Teen drivers have the highest crash rate of any demographic. Younger drivers are most likely to use their phones while driving or speed in high-traffic areas, and roughly half of all accidents associated with younger drivers were single-vehicle crashes. According to the National Center for Health Statistics, motor-vehicle crashes are the leading cause of death among individuals under 20.
Keeping younger drivers safe is a major concern for institutions like the National Safety Council, but some automakers have their own initiatives. Toyota, for example, had TeenDrive365, which provided a series of online videos aimed at encouraging safer driving habits. While the automaker abandoned that program after 2014, resulting in all of its content mysteriously vanishing, Toyota still seems keen on keeping young motorists on the road and out of the morgue.
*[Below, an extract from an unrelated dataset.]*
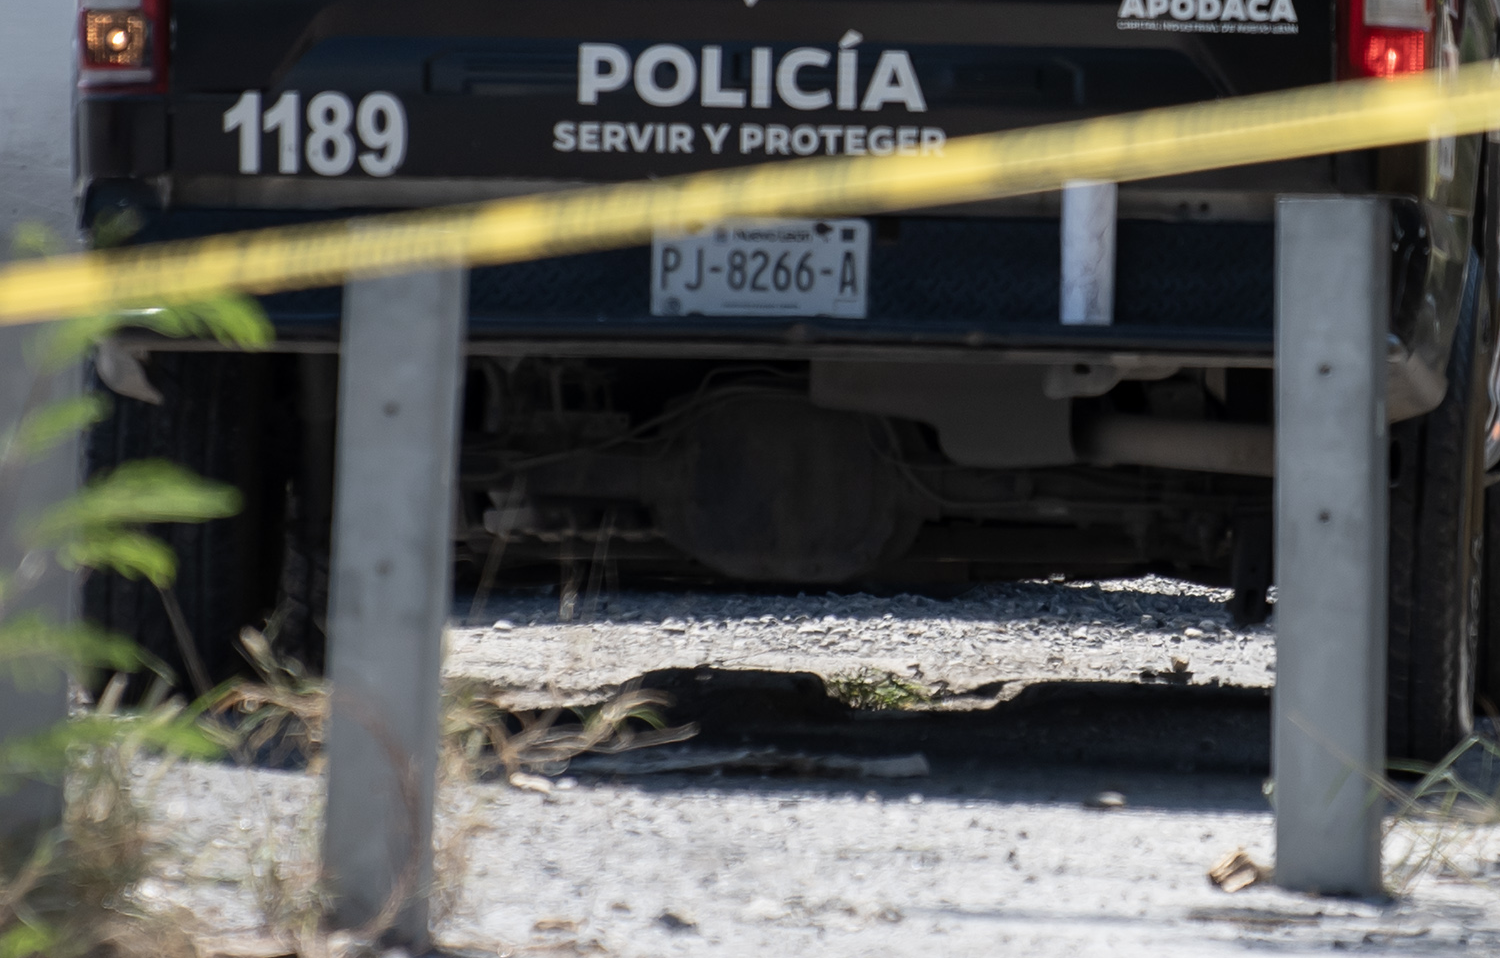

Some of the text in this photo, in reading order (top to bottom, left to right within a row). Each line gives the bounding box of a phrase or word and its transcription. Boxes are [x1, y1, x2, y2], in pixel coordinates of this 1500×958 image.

[577, 29, 928, 112] POLICÍA
[222, 90, 408, 177] 1189
[553, 121, 947, 158] SERVIR Y PROTEGER
[660, 246, 858, 294] PJ-8266-A
However, what’s the best way to encourage responsible driving? Teens don’t like being placated, and they probably know the laws better than older drivers (as they’ve passed their written test far more recently). With this in mind, Toyota thinks humiliation may be the key. The automaker has made mortifying easily embarrassed teens the central theme of its new safety app.
Partnering with Saatchi & Saatchi London, Toyota designed its Safe and Sound app to monitor the activities of new drivers and intrude when they mess up by playing the parent’s totally uncool music playlist. While this isn’t much of a punishment if you have hip parents or aren’t awkwardly self-conscious, it should work as prescribed for the average teenager.
Showcased in AdWeek, the app requires all members of the family to download the app and (if they want the audio deterrent) link it to their Spotify accounts. When a teen asks to borrow a parent’s car, parents click a button and the app uses the Google Maps API to track how fast the driver is going. Once it senses that the vehicle is moving faster than 9 mph, it automatically flips into a “do not disturb” setting, blocking all incoming calls and social media notifications.
If the young driver is caught speeding or the phone signals that it’s being handled, the music selection swaps from Odd Future or One Direction to Steely Dan, Michael Jackson, or The Human League — depending on the coolness of the adults.
One obvious loophole to this safety app is the existence of the volume knob. There also isn’t anything stopping a teen from deactivating the application. However, if that occurs, one would hope the concerned parents suspend their child’s driving privileges until they’re willing to play ball.
Helicopter parenting is definitely a blight on society, but trying to keep teens from crashing is something worth exerting some extra effort over — even if it just results in less apprehension. Saatchi & Saatchi claims 74 percent of parents are more concerned about their kids getting into a car accident than getting into drugs or crime. This makes sense, as doing drugs and petty vandalism are both a lot more fun than dying in a car accident.
“Tell teenagers to turn their phone off in a cinema and they will — tell them to turn it off in a dangerous situation, like driving a car, and they won’t. Go figure,” said Jason Mendes, executive creative director of Global brands at Saatchi & Saatchi. “However, for teenagers, the threat of embarrassment is far more severe than the threat of injury — that insight we thought was a powerful platform to create something that would cut through, make a difference and ultimately continue the conversation around safety.”
The automaker says the app is currently Android-only and will expand globally after its European launch.